Once dry these frames are a valuable resource and you HAVE to protect them until freezing weather arrives and wax moth activity ceases for the year. There are some choices that can be made here as well. Hanging under a eave allowing plenty of air and light can usually prevent wax moth damage if the combs never held brood or pollen. Follow this link to see some examples. Another way is to protect your frames with Para Dichlorobenzene, Moth crystals. Supers are stacked and sealed with a spacer at the top. Place the moth crystals on a paper plate on top in the space as the fumes will go down. Follow this link to read an article about wax moths and their control. Lastly combs can be protected with a natural microbial bacteria Bacillus thuringenisis (Certan®).
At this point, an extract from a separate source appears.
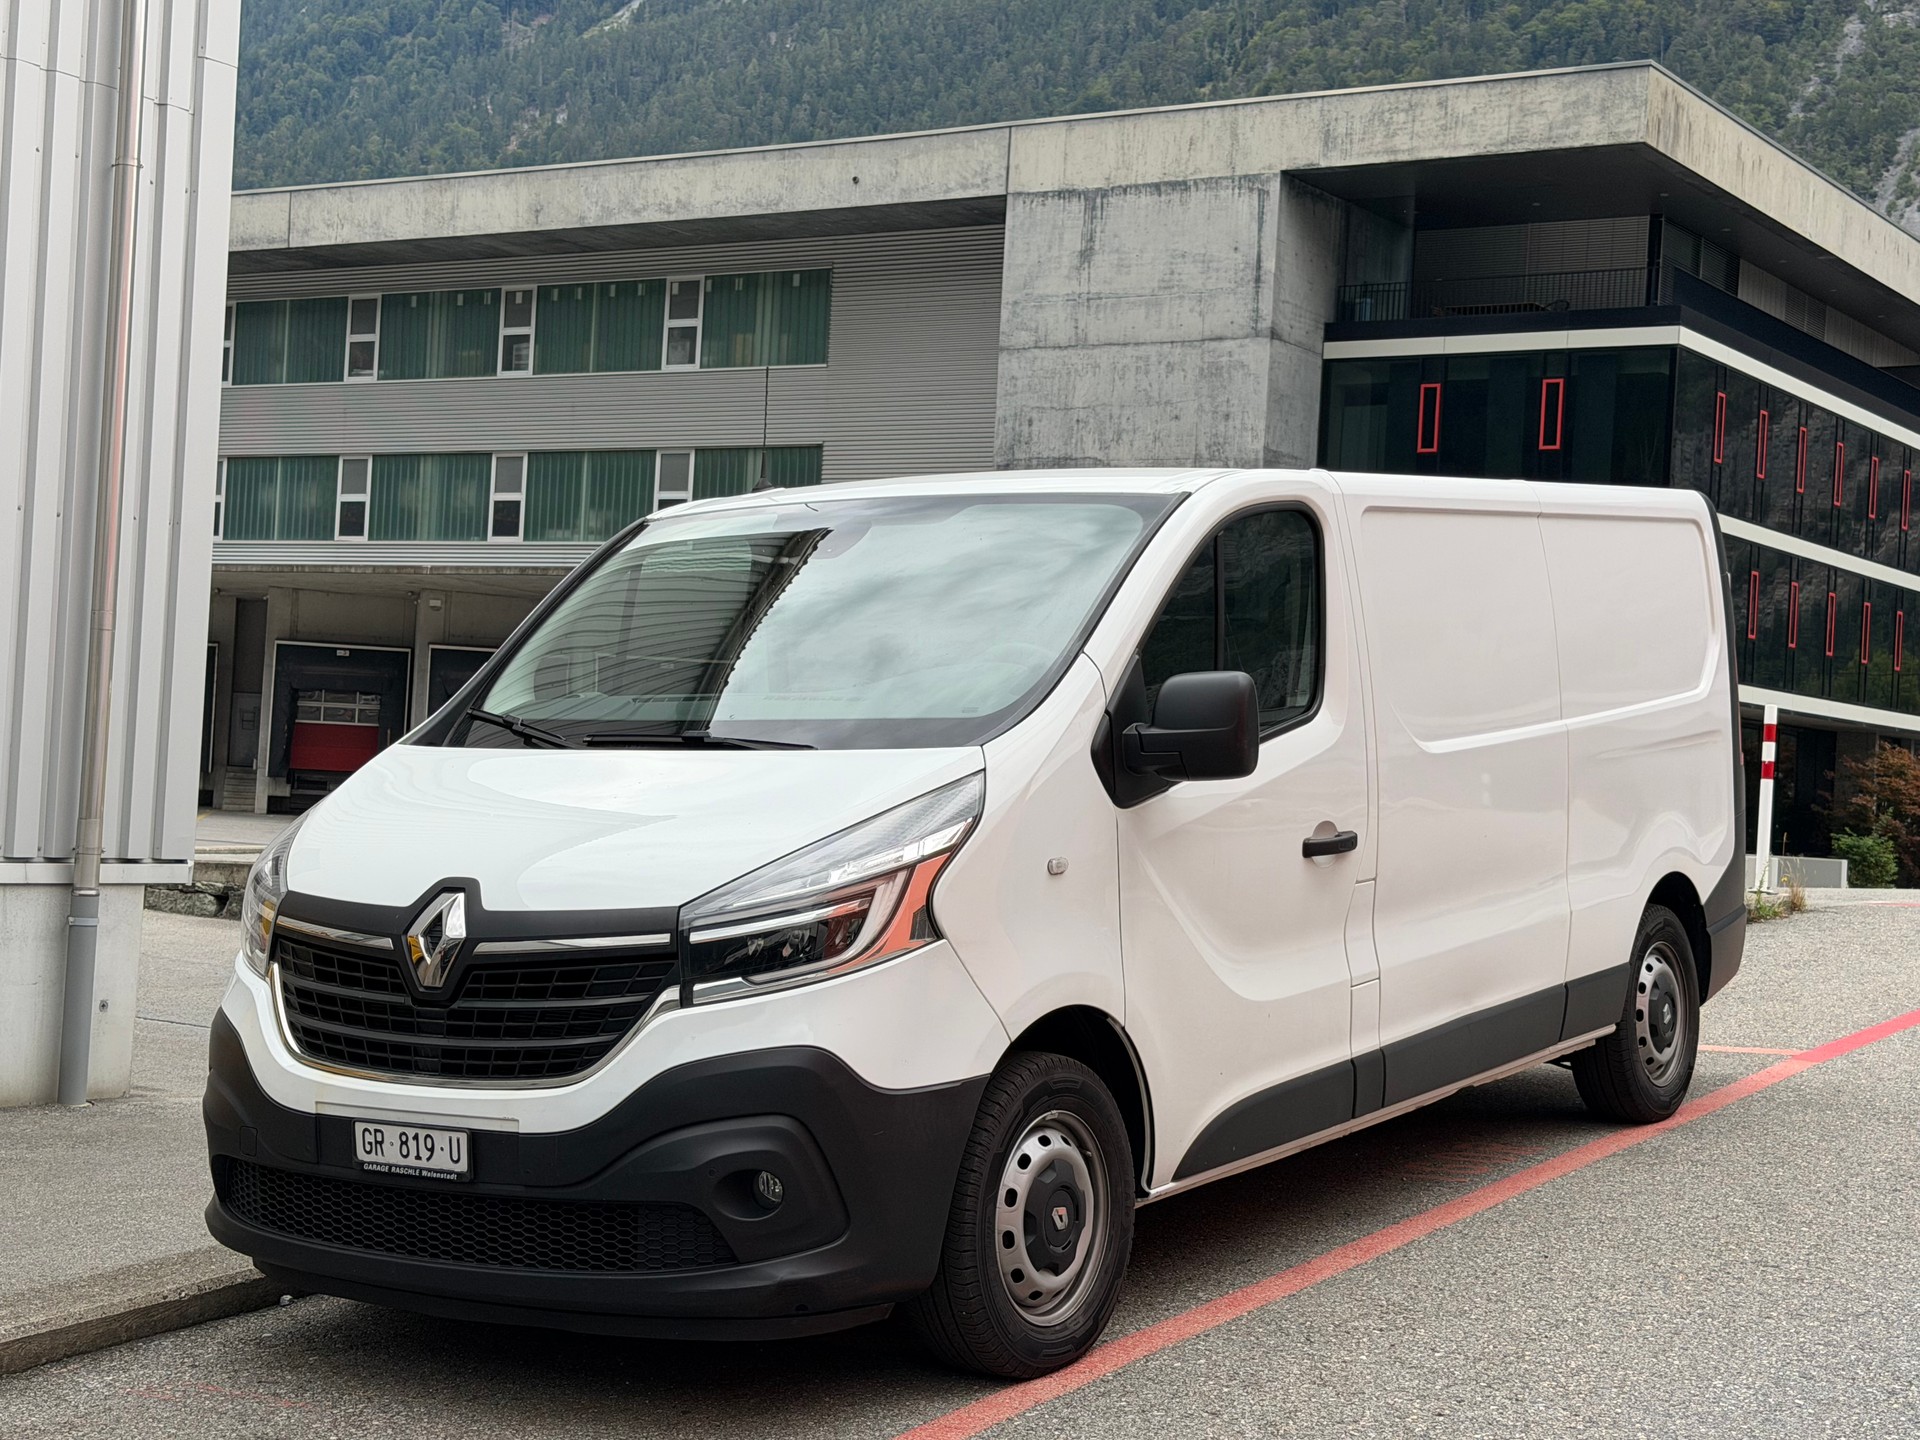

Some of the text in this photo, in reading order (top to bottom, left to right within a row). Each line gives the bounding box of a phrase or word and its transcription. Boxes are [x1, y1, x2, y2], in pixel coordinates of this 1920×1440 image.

It was once available for sale by bee supply companies but is no longer manufactured in the US but is available from Canada. Some beeks use alternative products that contain the same bacteria but are sold under a different name for the similar purpose of larva control. Here is a lnk to a video about the use of Certan.

Have you done your check for varroa mites? Now is a great time to do a sugar roll or alcohol wash to determine the percentage of mites within your colonies. Doesn't matter if you treat or not but to know your colonies health, it is important to monitor the varroa mite infestation level. Follow this link to learn how to do a sugar roll or this link to learn how to do an alcohol wash. Once you have your numbers then you can follow this link to determine a course of action. Just looking at your bees is not enough to know how they are coping with varroa. I just recently, with the help of a club member, did an alcohol wash on a colony that appeared to be in good shape. Weren't we both surprised when there were so many mites we had to dump them out on a rag to make an accurate count. 158 mites in 1/2 cup (300) of bees! Do I have a colony that is surviving with varroa or a colony that is on the brink of collapse? Without monitoring I wouldn't know why they perished or the importance of breeding this queen.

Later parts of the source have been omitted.